BEGIN DATA TO USE
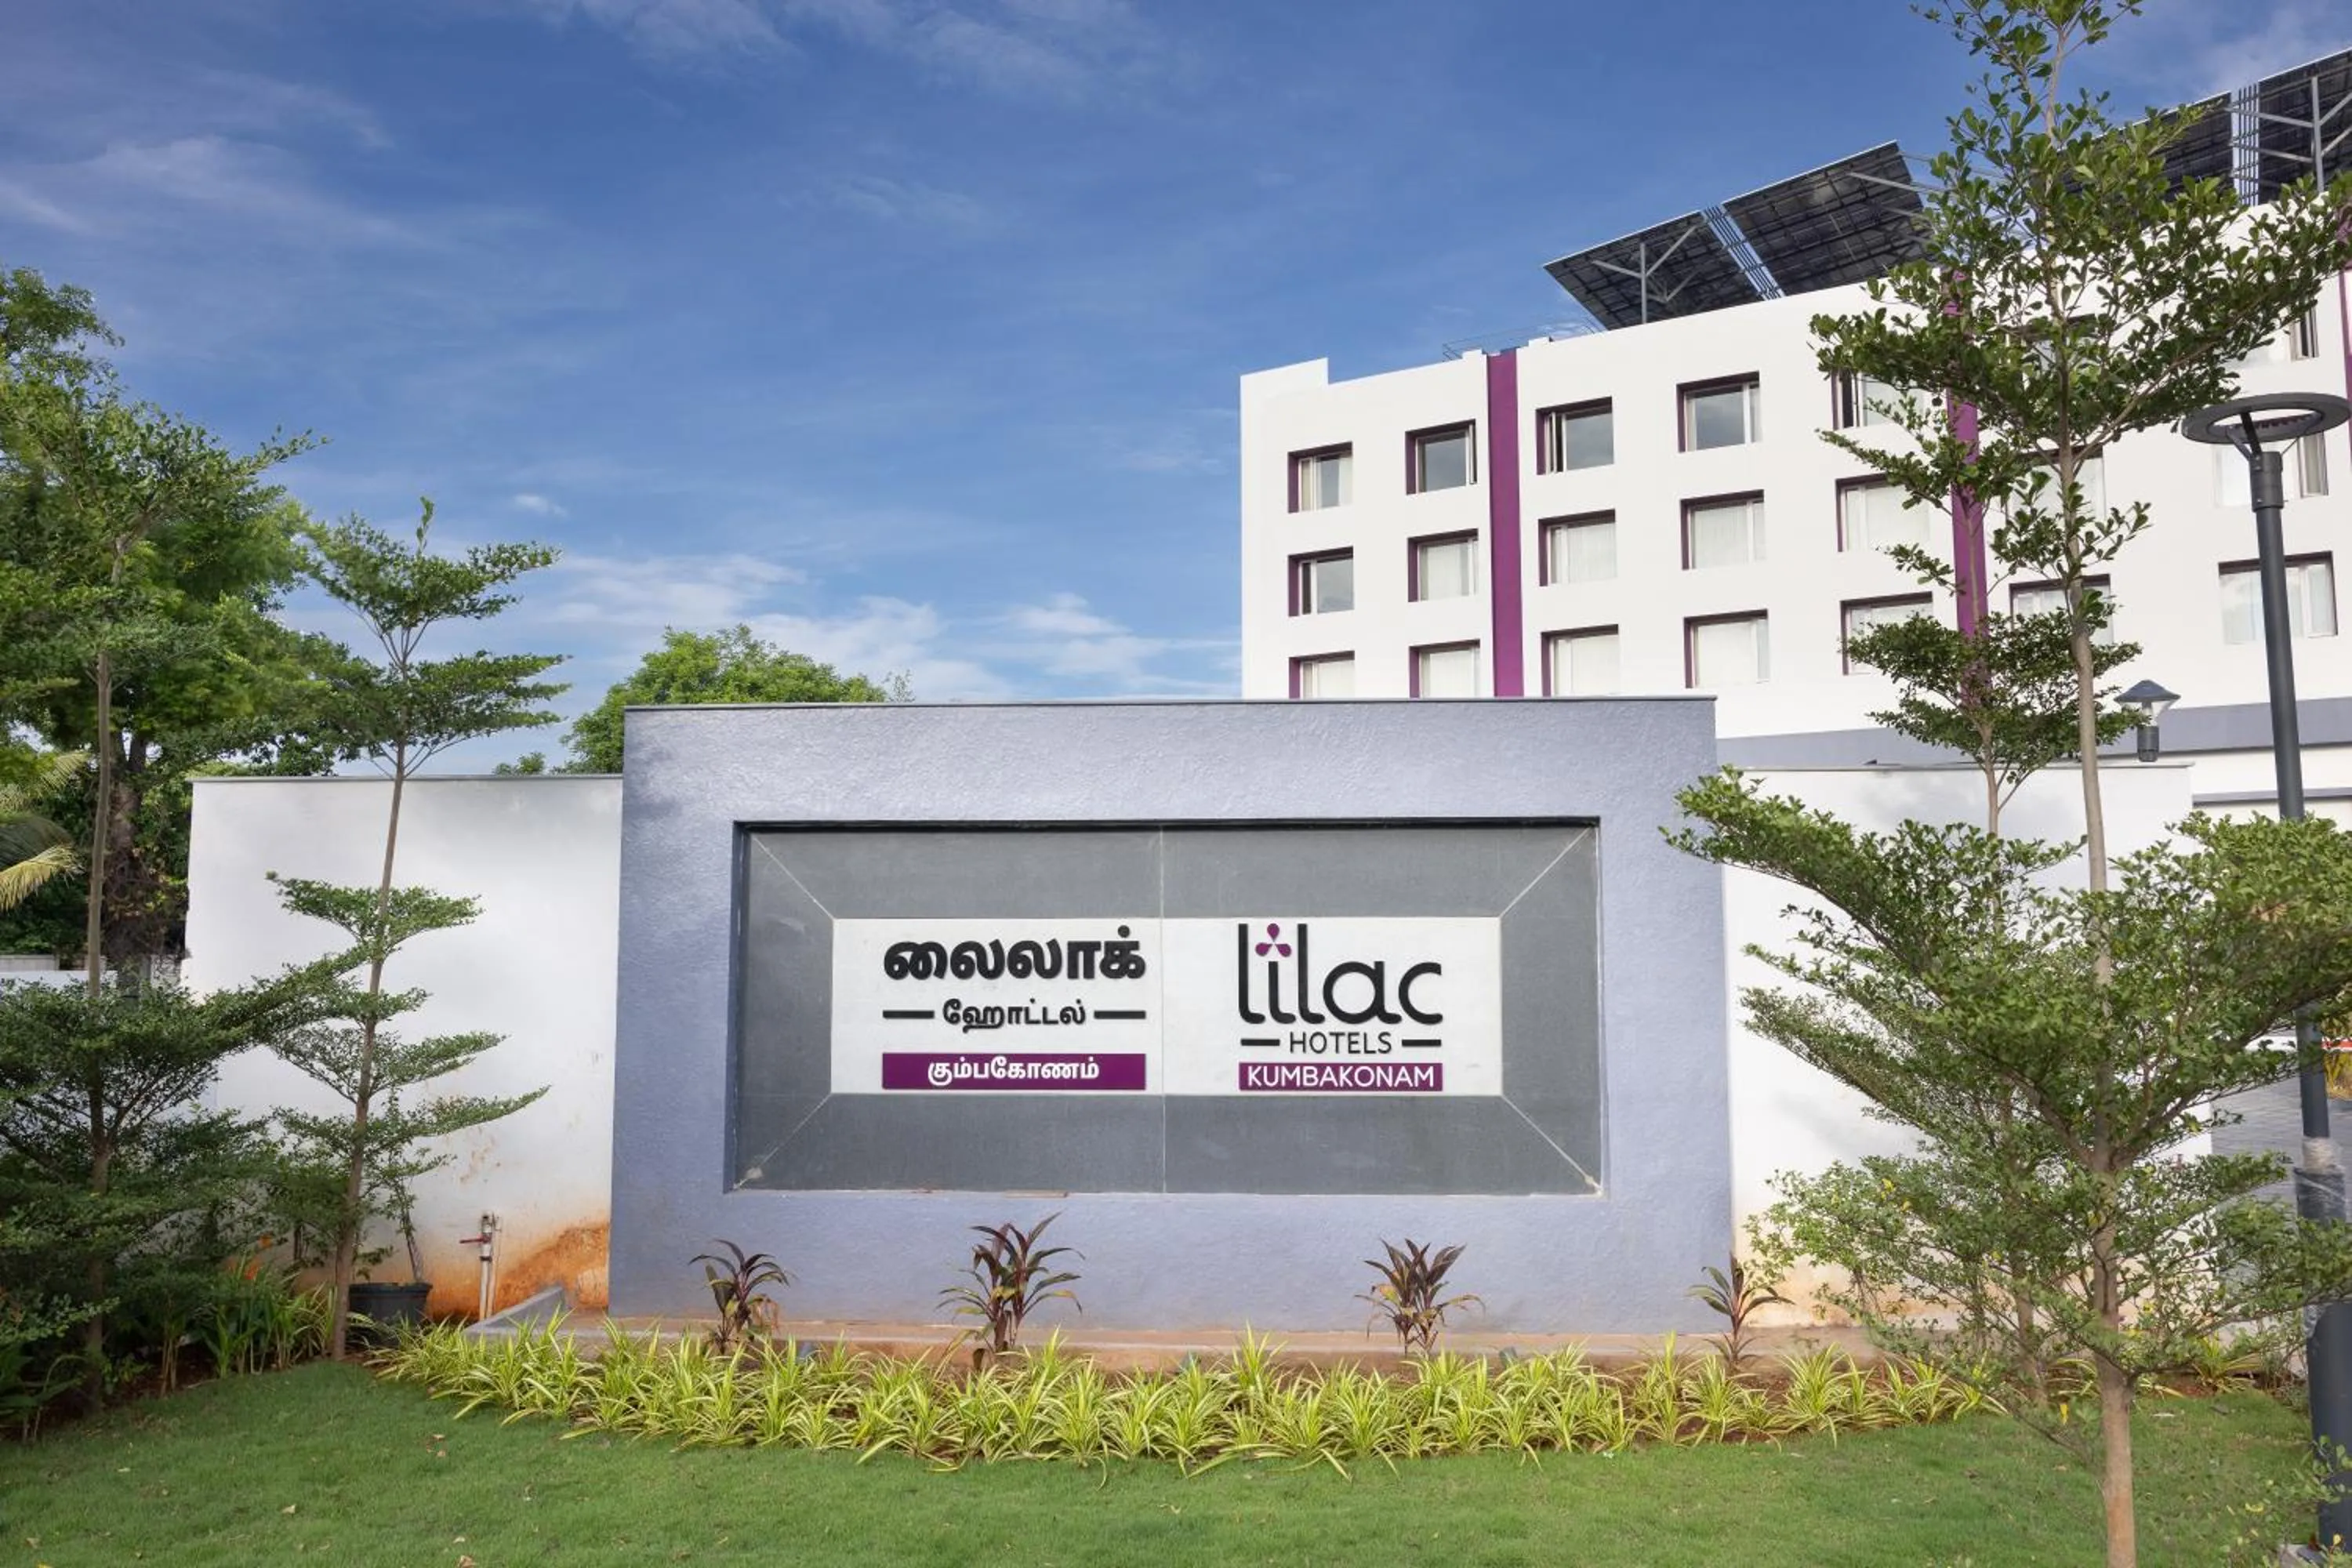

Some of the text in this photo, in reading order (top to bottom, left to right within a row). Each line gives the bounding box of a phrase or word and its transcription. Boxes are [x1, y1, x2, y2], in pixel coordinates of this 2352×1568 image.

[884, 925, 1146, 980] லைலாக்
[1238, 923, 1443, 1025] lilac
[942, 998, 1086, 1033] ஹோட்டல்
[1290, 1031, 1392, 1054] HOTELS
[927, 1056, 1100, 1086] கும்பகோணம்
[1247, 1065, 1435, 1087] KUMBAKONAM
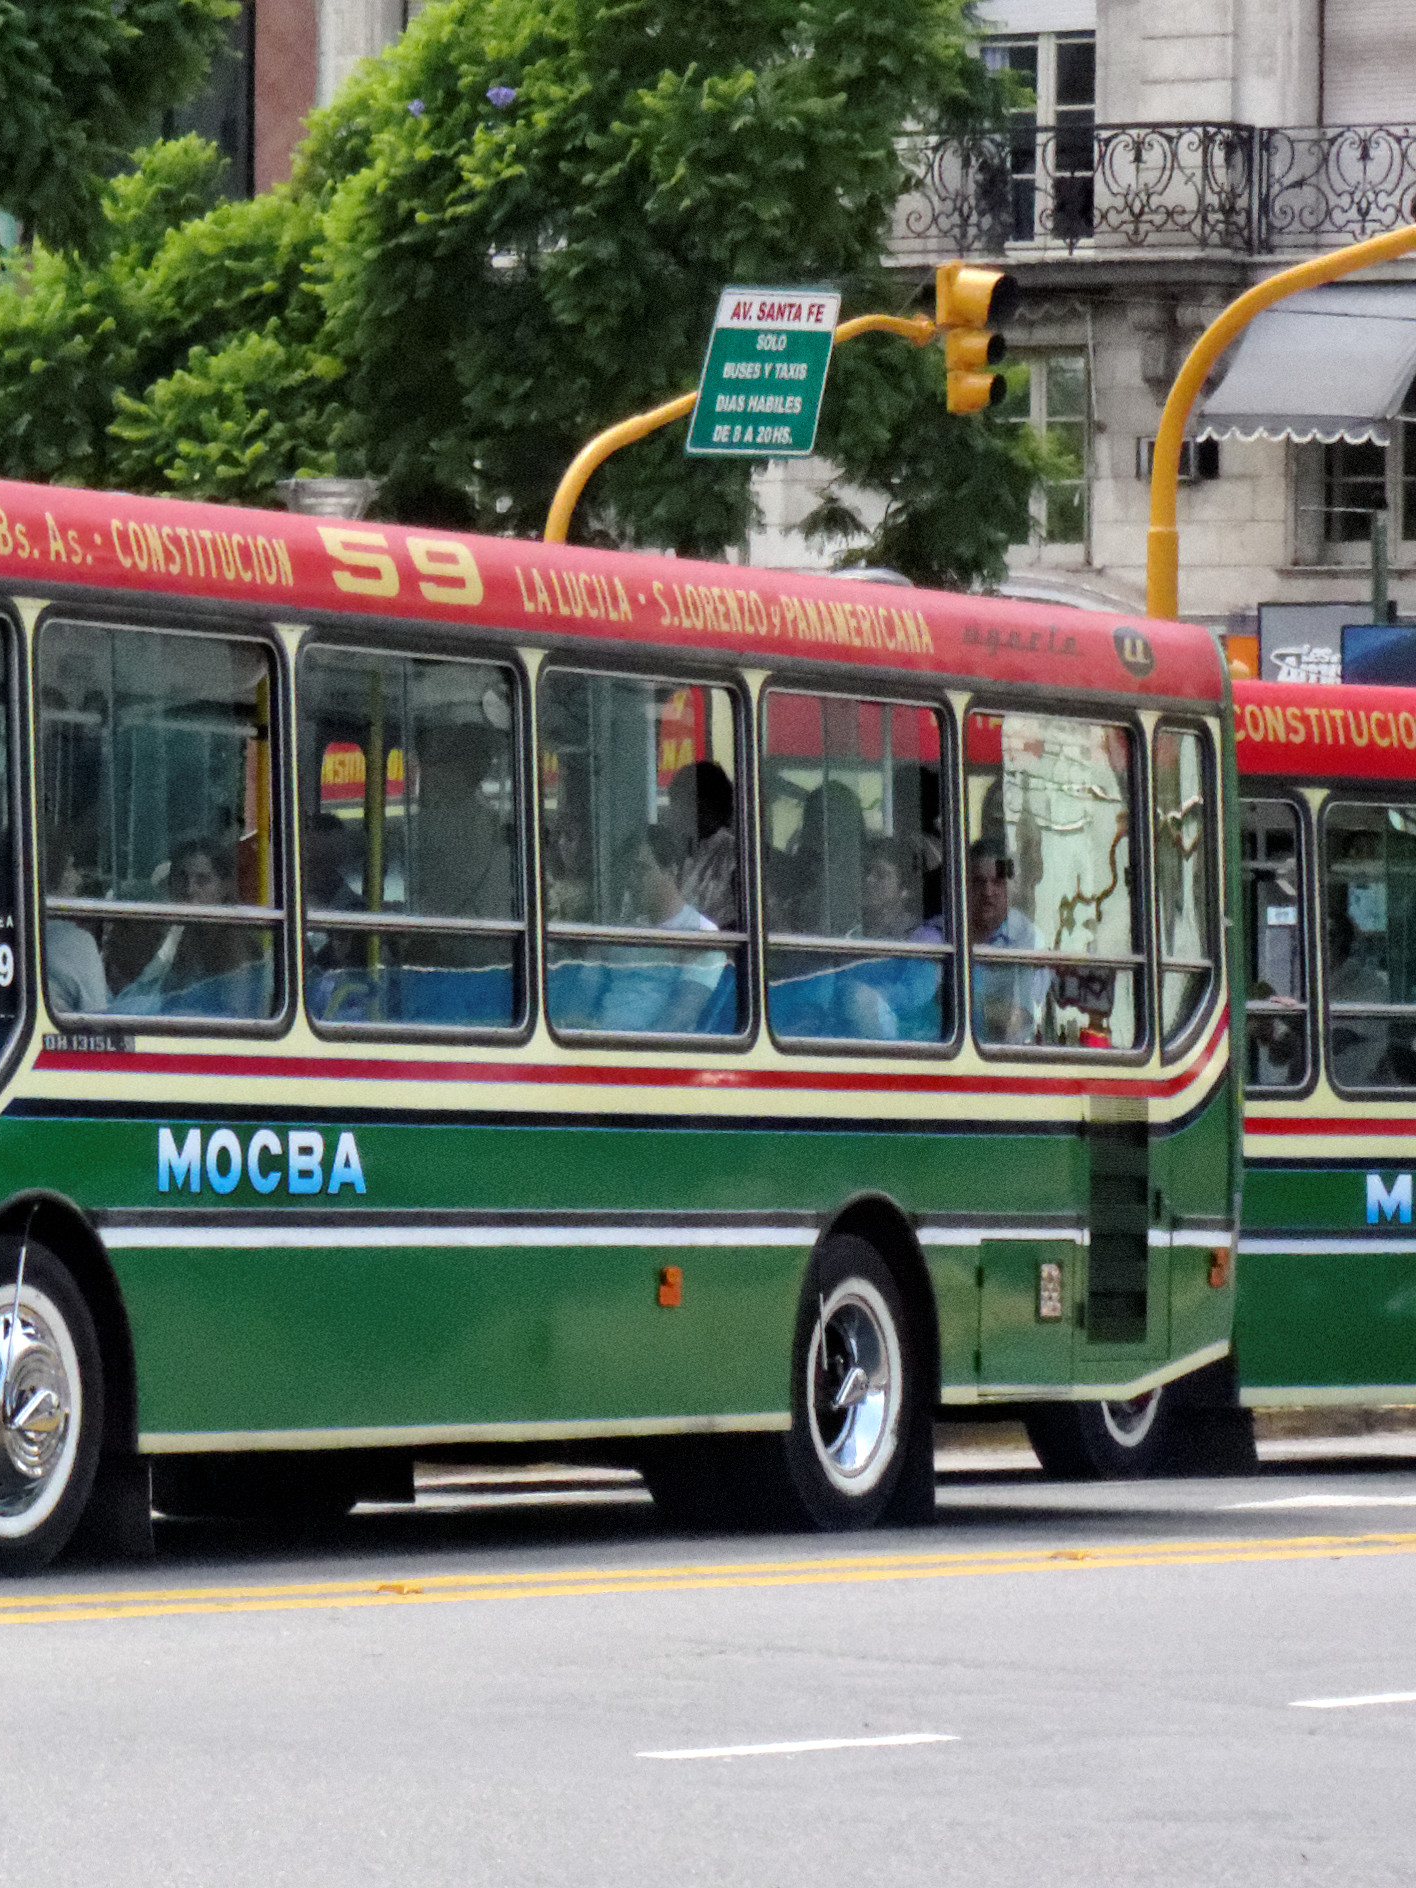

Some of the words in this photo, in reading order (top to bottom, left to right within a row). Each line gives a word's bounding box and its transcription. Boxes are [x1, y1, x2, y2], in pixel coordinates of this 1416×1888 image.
END DATA TO USE
▶ _PROBLEM REQUIREMENTS_: In the copy, omit the pictures and reproduce every entry exactly.

▶ _PROBLEM SOLUTION_:
Some of the text in this photo, in reading order (top to bottom, left to right within a row). Each line gives the bounding box of a phrase or word and its transcription. Boxes are [x1, y1, x2, y2], in pixel coordinates of this 2352×1568 image.

[884, 925, 1146, 980] லைலாக்
[1238, 923, 1443, 1025] lilac
[942, 998, 1086, 1033] ஹோட்டல்
[1290, 1031, 1392, 1054] HOTELS
[927, 1056, 1100, 1086] கும்பகோணம்
[1247, 1065, 1435, 1087] KUMBAKONAM

Some of the words in this photo, in reading order (top to bottom, left to right within a row). Each line gives a word's bounding box and its transcription. Boxes are [x1, y1, x2, y2], in pixel coordinates of this 1416×1888 image.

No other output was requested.